• Exercise instructions:
Reproduce all the entries precisely.

[Collection entries]
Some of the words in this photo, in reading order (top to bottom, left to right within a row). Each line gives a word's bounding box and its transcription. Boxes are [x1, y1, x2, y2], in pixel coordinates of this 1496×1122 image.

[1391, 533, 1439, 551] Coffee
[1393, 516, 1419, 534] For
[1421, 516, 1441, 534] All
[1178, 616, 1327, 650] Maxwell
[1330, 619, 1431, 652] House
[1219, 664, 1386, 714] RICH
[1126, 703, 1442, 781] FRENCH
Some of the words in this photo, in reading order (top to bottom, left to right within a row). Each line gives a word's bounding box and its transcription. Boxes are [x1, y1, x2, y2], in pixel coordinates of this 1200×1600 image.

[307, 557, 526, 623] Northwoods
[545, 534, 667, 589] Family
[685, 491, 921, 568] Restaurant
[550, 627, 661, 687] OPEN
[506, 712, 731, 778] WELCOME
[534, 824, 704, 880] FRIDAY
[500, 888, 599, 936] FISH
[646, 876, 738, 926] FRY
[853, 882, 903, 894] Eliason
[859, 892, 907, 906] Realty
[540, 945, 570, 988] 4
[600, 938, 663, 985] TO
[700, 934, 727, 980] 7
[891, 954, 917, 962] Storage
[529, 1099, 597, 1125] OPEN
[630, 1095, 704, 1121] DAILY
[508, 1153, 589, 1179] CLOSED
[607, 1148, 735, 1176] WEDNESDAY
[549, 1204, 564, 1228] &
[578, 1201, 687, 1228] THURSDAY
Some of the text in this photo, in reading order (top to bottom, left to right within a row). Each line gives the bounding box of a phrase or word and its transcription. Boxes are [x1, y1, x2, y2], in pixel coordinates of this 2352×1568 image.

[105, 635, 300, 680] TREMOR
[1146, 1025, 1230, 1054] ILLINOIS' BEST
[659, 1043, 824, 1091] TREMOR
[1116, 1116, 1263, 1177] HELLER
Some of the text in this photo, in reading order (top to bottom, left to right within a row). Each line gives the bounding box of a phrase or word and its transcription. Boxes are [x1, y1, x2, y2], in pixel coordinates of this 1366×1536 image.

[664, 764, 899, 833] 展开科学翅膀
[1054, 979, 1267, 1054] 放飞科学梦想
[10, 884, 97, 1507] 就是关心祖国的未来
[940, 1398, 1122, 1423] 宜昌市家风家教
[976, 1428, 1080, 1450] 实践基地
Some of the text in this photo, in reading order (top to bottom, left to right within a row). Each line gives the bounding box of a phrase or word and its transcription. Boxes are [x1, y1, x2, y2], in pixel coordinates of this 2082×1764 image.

• Reply:
Some of the words in this photo, in reading order (top to bottom, left to right within a row). Each line gives a word's bounding box and its transcription. Boxes are [x1, y1, x2, y2], in pixel coordinates of this 1496×1122 image.

[1391, 533, 1439, 551] Coffee
[1393, 516, 1419, 534] For
[1421, 516, 1441, 534] All
[1178, 616, 1327, 650] Maxwell
[1330, 619, 1431, 652] House
[1219, 664, 1386, 714] RICH
[1126, 703, 1442, 781] FRENCH
Some of the words in this photo, in reading order (top to bottom, left to right within a row). Each line gives a word's bounding box and its transcription. Boxes are [x1, y1, x2, y2], in pixel coordinates of this 1200×1600 image.

[307, 557, 526, 623] Northwoods
[545, 534, 667, 589] Family
[685, 491, 921, 568] Restaurant
[550, 627, 661, 687] OPEN
[506, 712, 731, 778] WELCOME
[534, 824, 704, 880] FRIDAY
[500, 888, 599, 936] FISH
[646, 876, 738, 926] FRY
[853, 882, 903, 894] Eliason
[859, 892, 907, 906] Realty
[540, 945, 570, 988] 4
[600, 938, 663, 985] TO
[700, 934, 727, 980] 7
[891, 954, 917, 962] Storage
[529, 1099, 597, 1125] OPEN
[630, 1095, 704, 1121] DAILY
[508, 1153, 589, 1179] CLOSED
[607, 1148, 735, 1176] WEDNESDAY
[549, 1204, 564, 1228] &
[578, 1201, 687, 1228] THURSDAY
Some of the text in this photo, in reading order (top to bottom, left to right within a row). Each line gives the bounding box of a phrase or word and its transcription. Boxes are [x1, y1, x2, y2], in pixel coordinates of this 2352×1568 image.

[105, 635, 300, 680] TREMOR
[1146, 1025, 1230, 1054] ILLINOIS' BEST
[659, 1043, 824, 1091] TREMOR
[1116, 1116, 1263, 1177] HELLER
Some of the text in this photo, in reading order (top to bottom, left to right within a row). Each line gives the bounding box of a phrase or word and its transcription. Boxes are [x1, y1, x2, y2], in pixel coordinates of this 1366×1536 image.

[664, 764, 899, 833] 展开科学翅膀
[1054, 979, 1267, 1054] 放飞科学梦想
[10, 884, 97, 1507] 就是关心祖国的未来
[940, 1398, 1122, 1423] 宜昌市家风家教
[976, 1428, 1080, 1450] 实践基地
Some of the text in this photo, in reading order (top to bottom, left to right within a row). Each line gives the bounding box of a phrase or word and its transcription. Boxes are [x1, y1, x2, y2], in pixel coordinates of this 2082×1764 image.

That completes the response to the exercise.